→ **Goal of the exercise**: What must be handed in is the entire listing, exactly as written, with no pictures.

→ **Working data**:
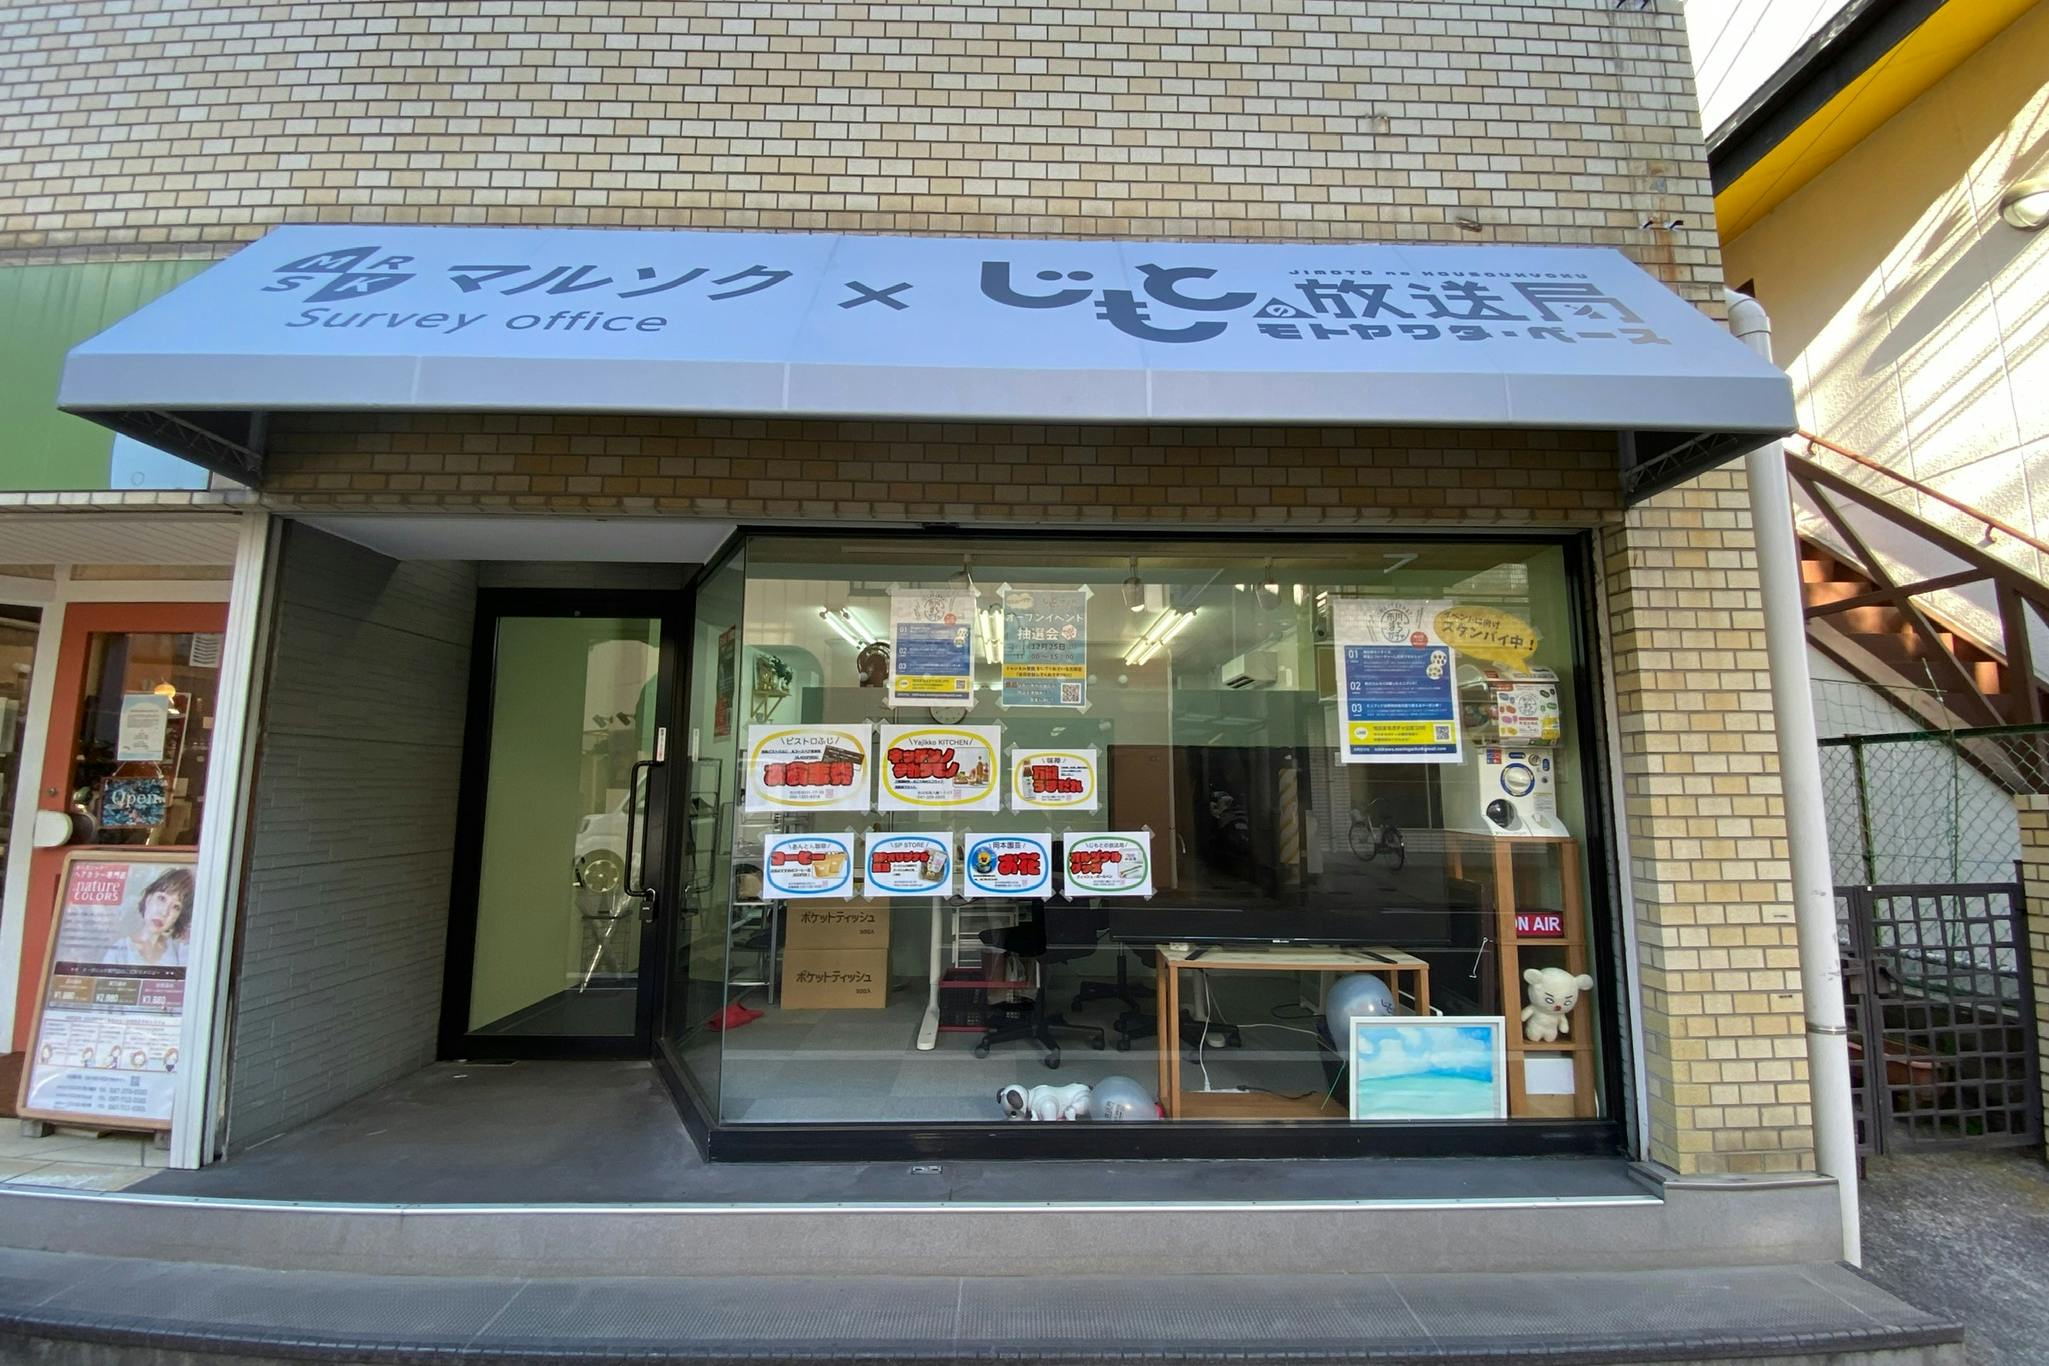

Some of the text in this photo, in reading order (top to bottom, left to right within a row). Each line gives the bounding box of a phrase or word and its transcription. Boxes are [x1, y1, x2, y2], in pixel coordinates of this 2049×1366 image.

[447, 264, 793, 300] マルソク
[285, 307, 668, 334] Survey office
[1017, 627, 1060, 640] 抽選会
[1348, 649, 1359, 659] 01
[1350, 681, 1361, 691] 02
[1351, 703, 1362, 713] 03
[786, 736, 834, 745] ビストロふじ
[938, 738, 969, 746] KITCHEN
[111, 789, 165, 807] Open
[771, 850, 826, 866] コーヒー
[998, 852, 1041, 875] お花
[75, 880, 121, 893] nature
[74, 891, 119, 902] COLORS
[801, 911, 876, 923] ポケットティッシュ
[1515, 916, 1561, 931] N AIR
[796, 970, 872, 983] ポケットティッシュ
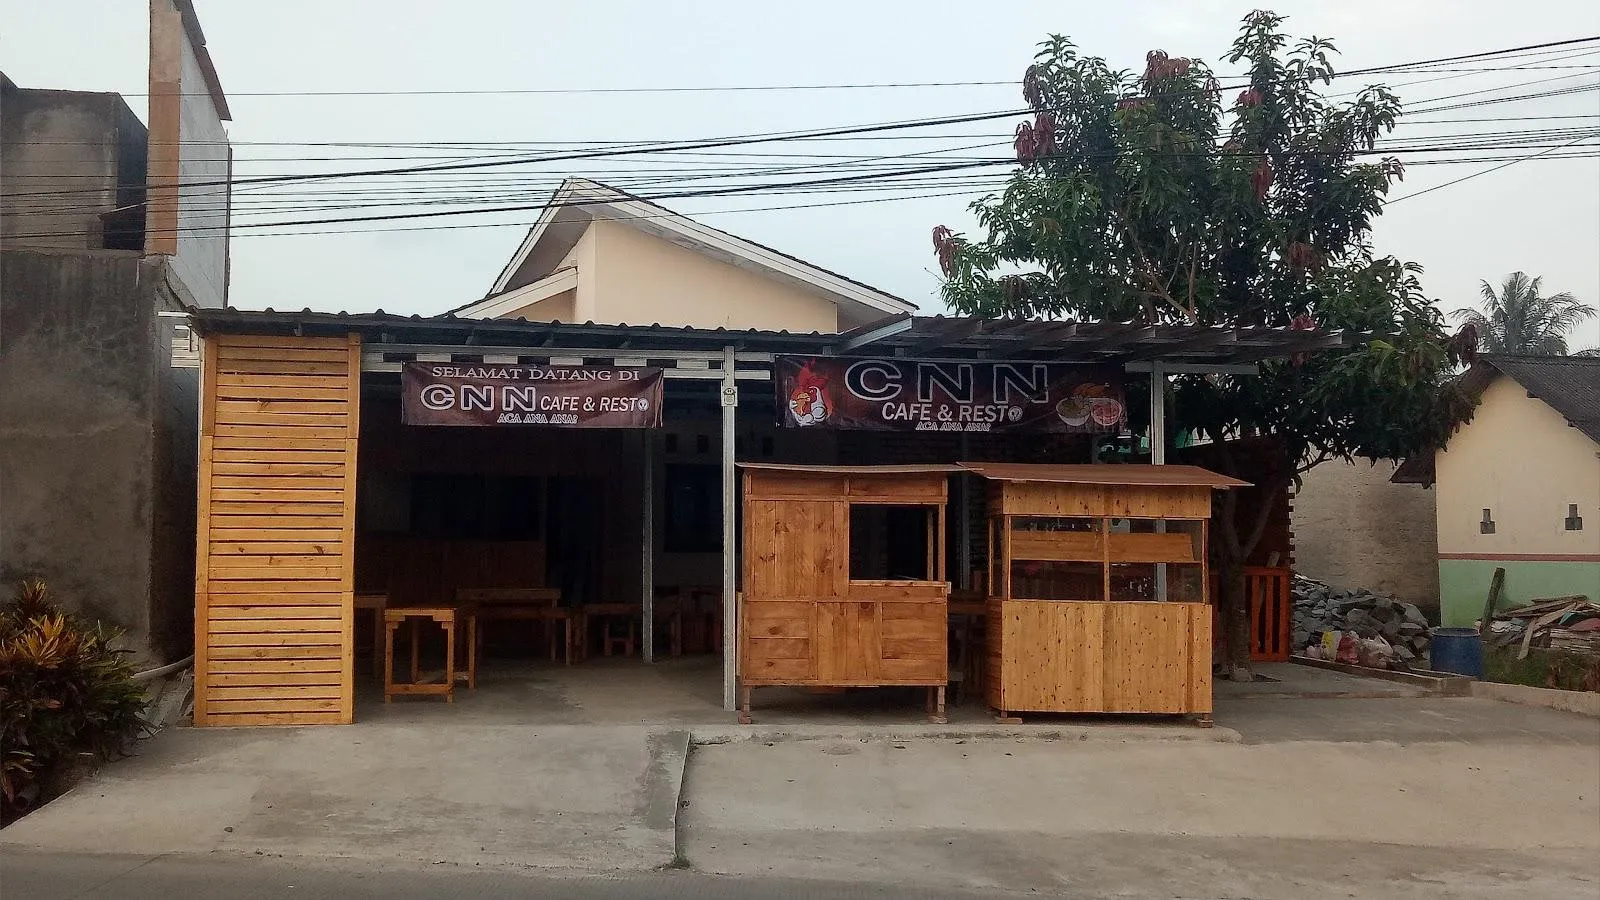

→ **Exercise result**:
Some of the text in this photo, in reading order (top to bottom, left to right within a row). Each line gives the bounding box of a phrase or word and its transcription. Boxes are [x1, y1, x2, y2], in pixel coordinates of this 2049×1366 image.

[447, 264, 793, 300] マルソク
[285, 307, 668, 334] Survey office
[1017, 627, 1060, 640] 抽選会
[1348, 649, 1359, 659] 01
[1350, 681, 1361, 691] 02
[1351, 703, 1362, 713] 03
[786, 736, 834, 745] ビストロふじ
[938, 738, 969, 746] KITCHEN
[111, 789, 165, 807] Open
[771, 850, 826, 866] コーヒー
[998, 852, 1041, 875] お花
[75, 880, 121, 893] nature
[74, 891, 119, 902] COLORS
[801, 911, 876, 923] ポケットティッシュ
[1515, 916, 1561, 931] N AIR
[796, 970, 872, 983] ポケットティッシュ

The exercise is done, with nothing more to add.